TRY IT: Word for word, reproduce the records, keeping none of the pictures.

DATA EXTRACTS:
-*-*-
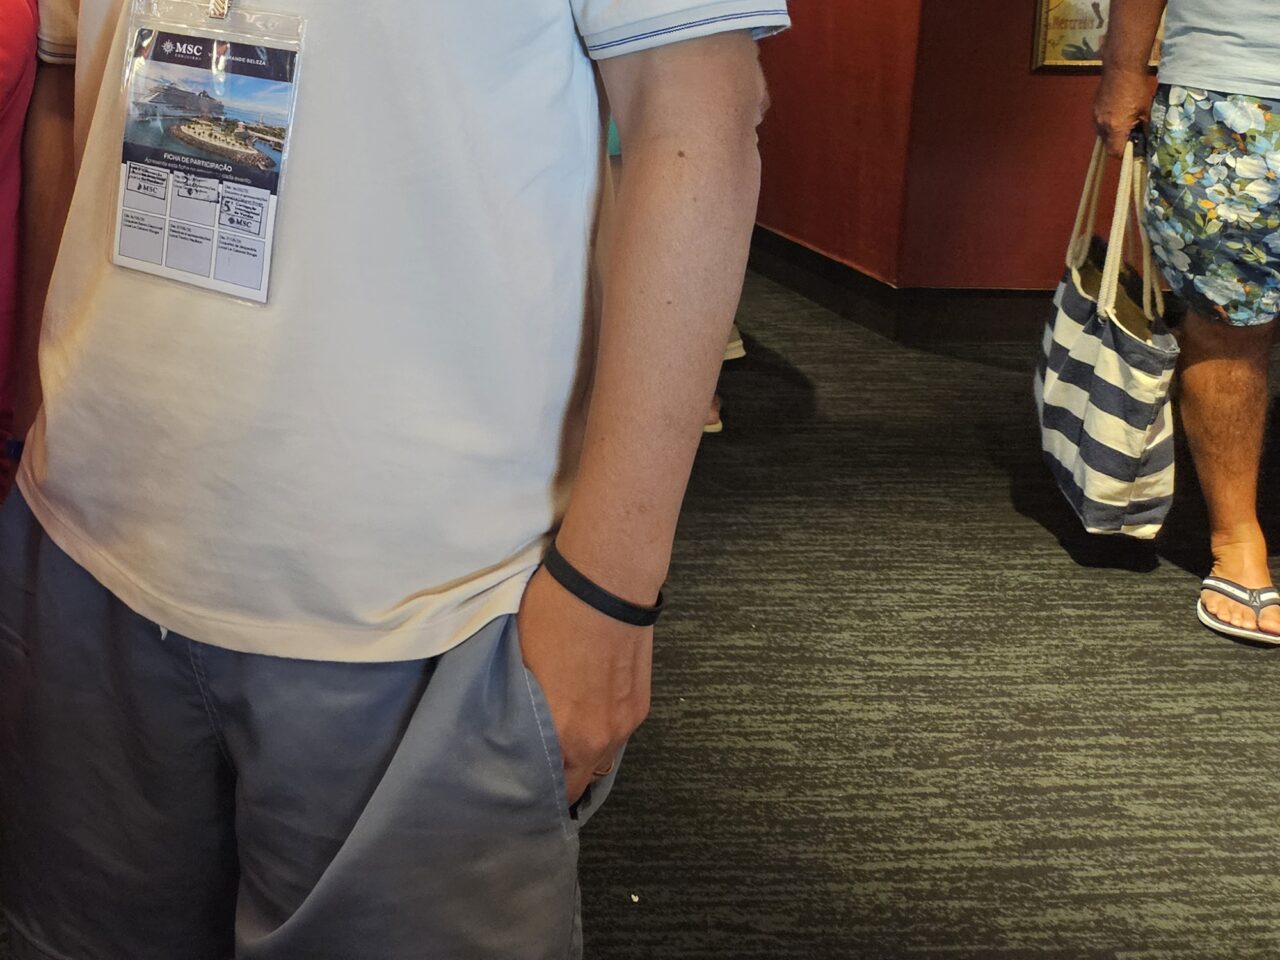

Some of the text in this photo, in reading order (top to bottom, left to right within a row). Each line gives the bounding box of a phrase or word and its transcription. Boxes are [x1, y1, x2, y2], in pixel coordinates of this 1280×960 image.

[175, 42, 203, 56] MSC
[163, 152, 181, 161] FICHA
[181, 155, 190, 163] DE
[143, 184, 158, 193] MSC
[236, 219, 252, 228] MSC
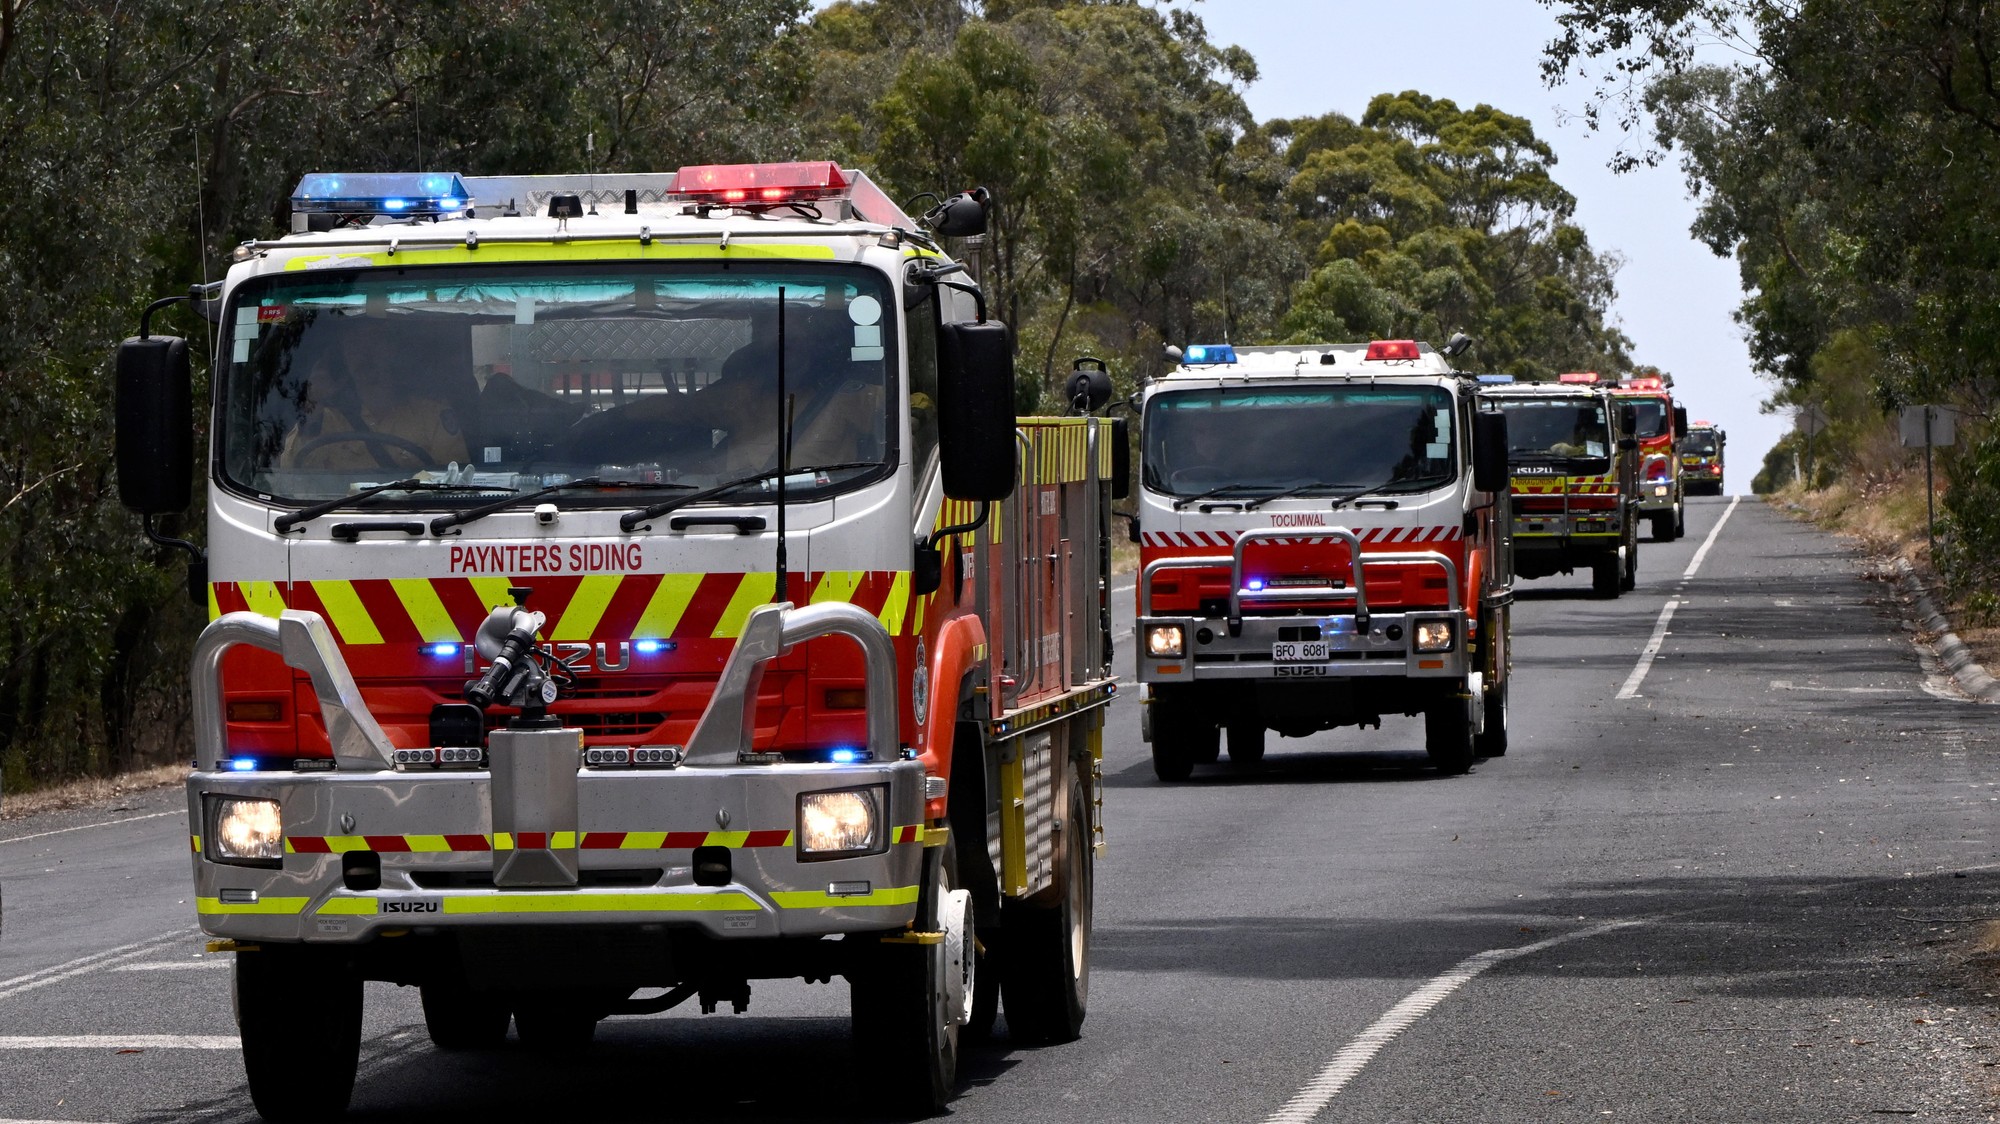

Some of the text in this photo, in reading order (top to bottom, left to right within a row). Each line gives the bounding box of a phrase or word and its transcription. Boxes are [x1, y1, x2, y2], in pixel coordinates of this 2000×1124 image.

[1270, 513, 1326, 527] TOCUMWAL
[450, 543, 642, 573] PAYNTERS SIDING
[1275, 644, 1326, 657] BFO 6081
[464, 641, 630, 674] IZU
[1273, 666, 1327, 676] ISUZU
[383, 902, 438, 913] ISUZU
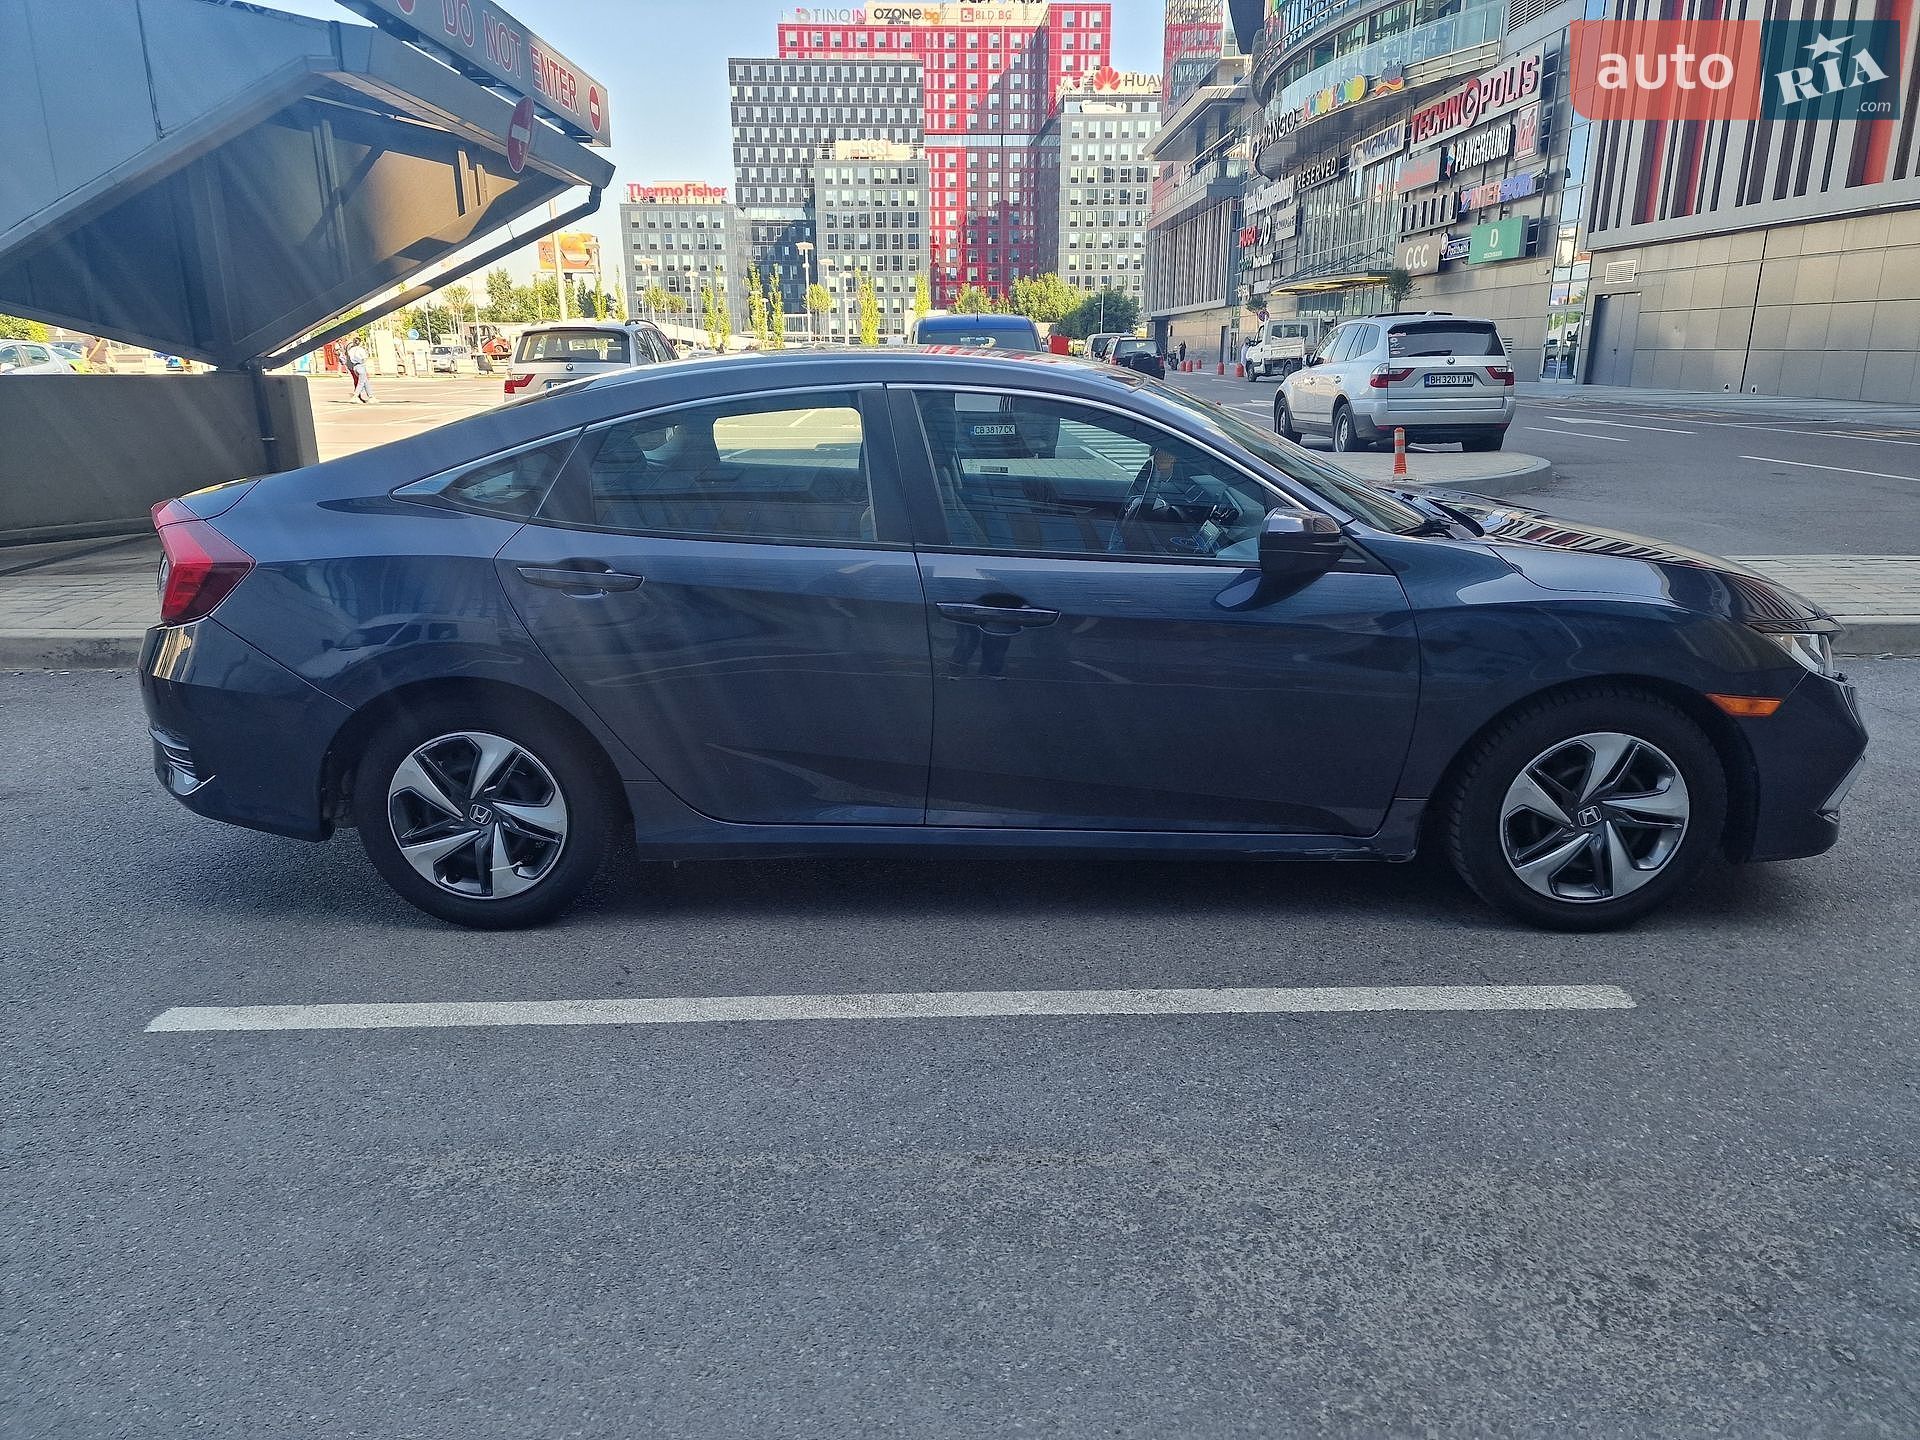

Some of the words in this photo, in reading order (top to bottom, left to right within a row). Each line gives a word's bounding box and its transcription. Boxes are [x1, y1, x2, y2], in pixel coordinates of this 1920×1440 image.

[442, 0, 475, 47] DO
[483, 10, 521, 79] NOT
[529, 44, 580, 116] ENTER
[1455, 124, 1512, 170] PLAYGROUND
[1296, 157, 1338, 189] RESERVED
[627, 184, 683, 197] Thermo
[684, 184, 728, 197] Fisher
[1405, 243, 1430, 271] CCC
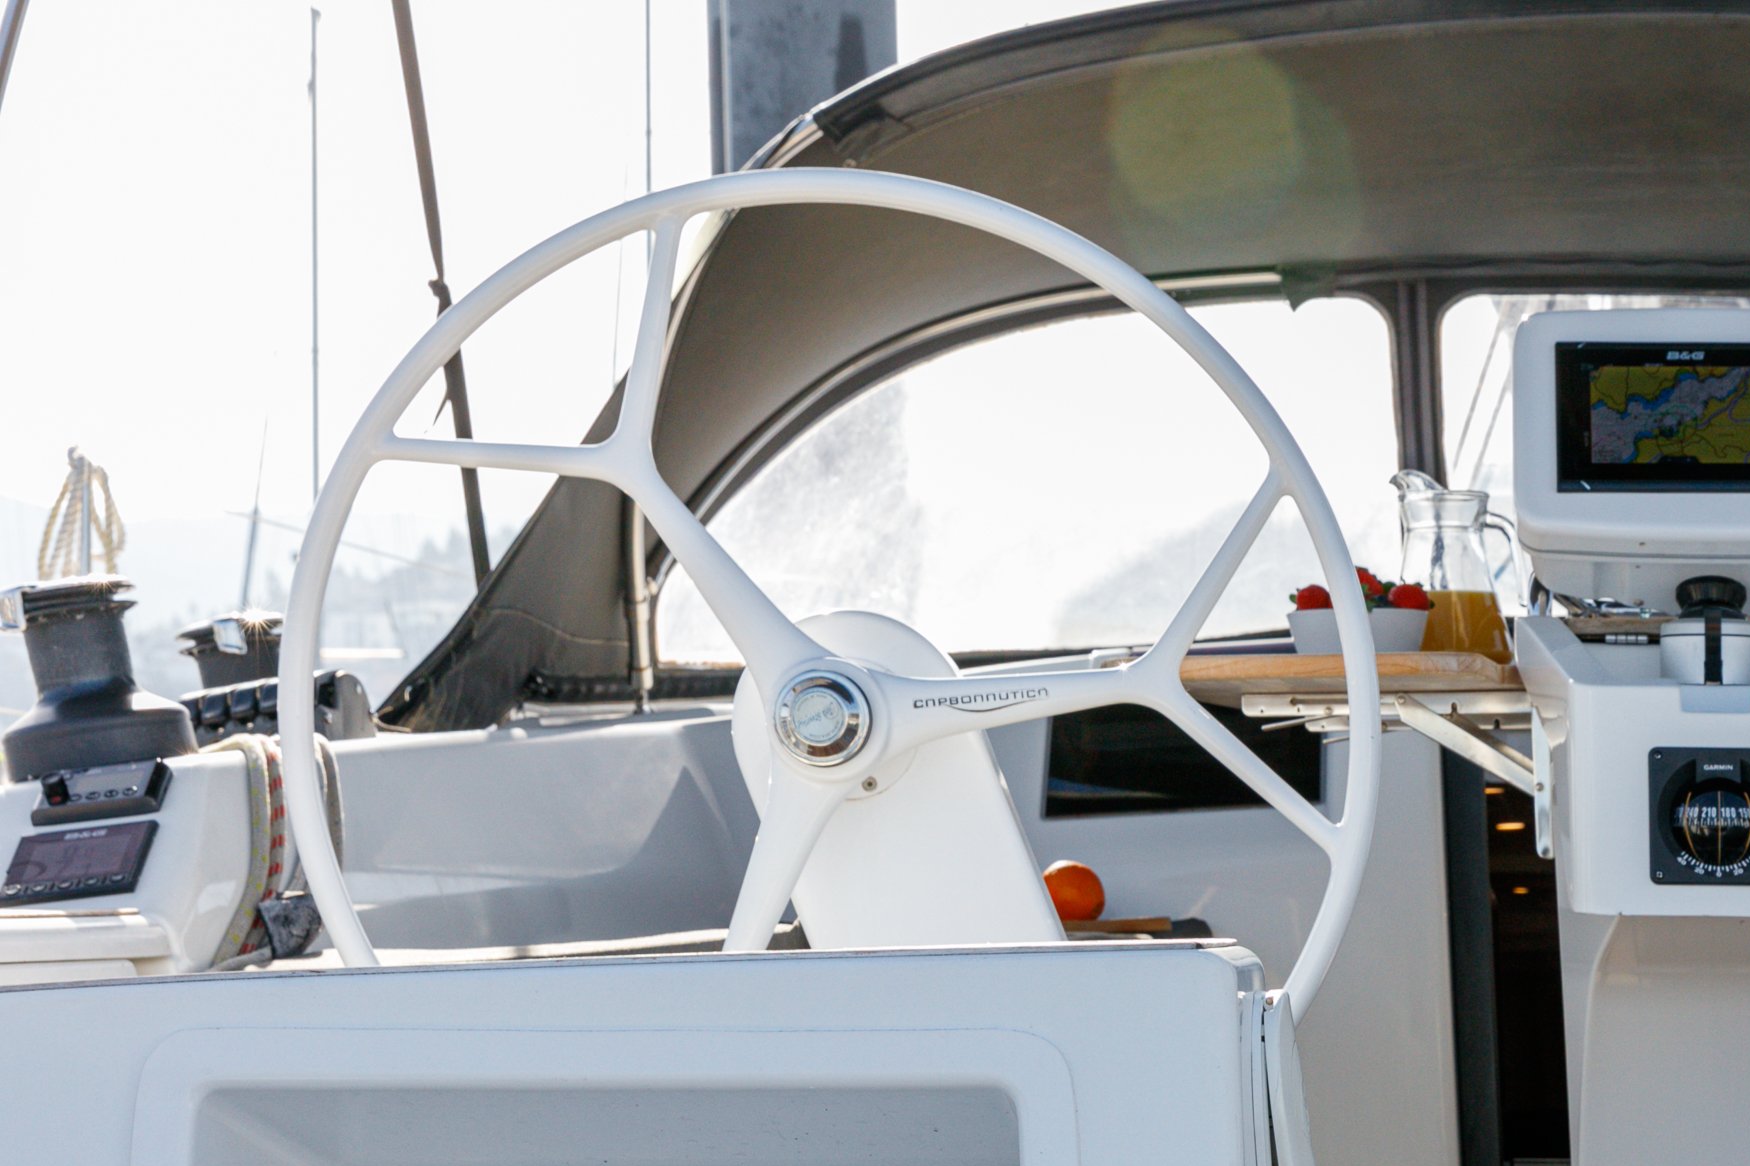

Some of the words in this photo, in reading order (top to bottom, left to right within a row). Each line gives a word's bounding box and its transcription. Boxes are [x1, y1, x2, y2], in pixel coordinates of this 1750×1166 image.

[1666, 350, 1706, 361] B&G
[1701, 807, 1717, 818] 210
[1721, 807, 1737, 819] 180
-*-*-
THE COMPLETED TASK:
Some of the text in this photo, in reading order (top to bottom, left to right within a row). Each line gives the bounding box of a phrase or word and its transcription. Boxes are [x1, y1, x2, y2], in pixel coordinates of this 1280×960 image.

[175, 42, 203, 56] MSC
[163, 152, 181, 161] FICHA
[181, 155, 190, 163] DE
[143, 184, 158, 193] MSC
[236, 219, 252, 228] MSC

Some of the text in this photo, in reading order (top to bottom, left to right within a row). Each line gives the bounding box of a phrase or word and its transcription. Boxes are [x1, y1, x2, y2], in pixel coordinates of this 2000×1124 image.

[1270, 513, 1326, 527] TOCUMWAL
[450, 543, 642, 573] PAYNTERS SIDING
[1275, 644, 1326, 657] BFO 6081
[464, 641, 630, 674] IZU
[1273, 666, 1327, 676] ISUZU
[383, 902, 438, 913] ISUZU

Some of the words in this photo, in reading order (top to bottom, left to right within a row). Each line gives a word's bounding box and its transcription. Boxes are [x1, y1, x2, y2], in pixel coordinates of this 1920×1440 image.

[442, 0, 475, 47] DO
[483, 10, 521, 79] NOT
[529, 44, 580, 116] ENTER
[1455, 124, 1512, 170] PLAYGROUND
[1296, 157, 1338, 189] RESERVED
[627, 184, 683, 197] Thermo
[684, 184, 728, 197] Fisher
[1405, 243, 1430, 271] CCC

Some of the words in this photo, in reading order (top to bottom, left to right within a row). Each line gives a word's bounding box and its transcription. Boxes are [x1, y1, x2, y2], in pixel coordinates of this 1750×1166 image.

[1666, 350, 1706, 361] B&G
[1701, 807, 1717, 818] 210
[1721, 807, 1737, 819] 180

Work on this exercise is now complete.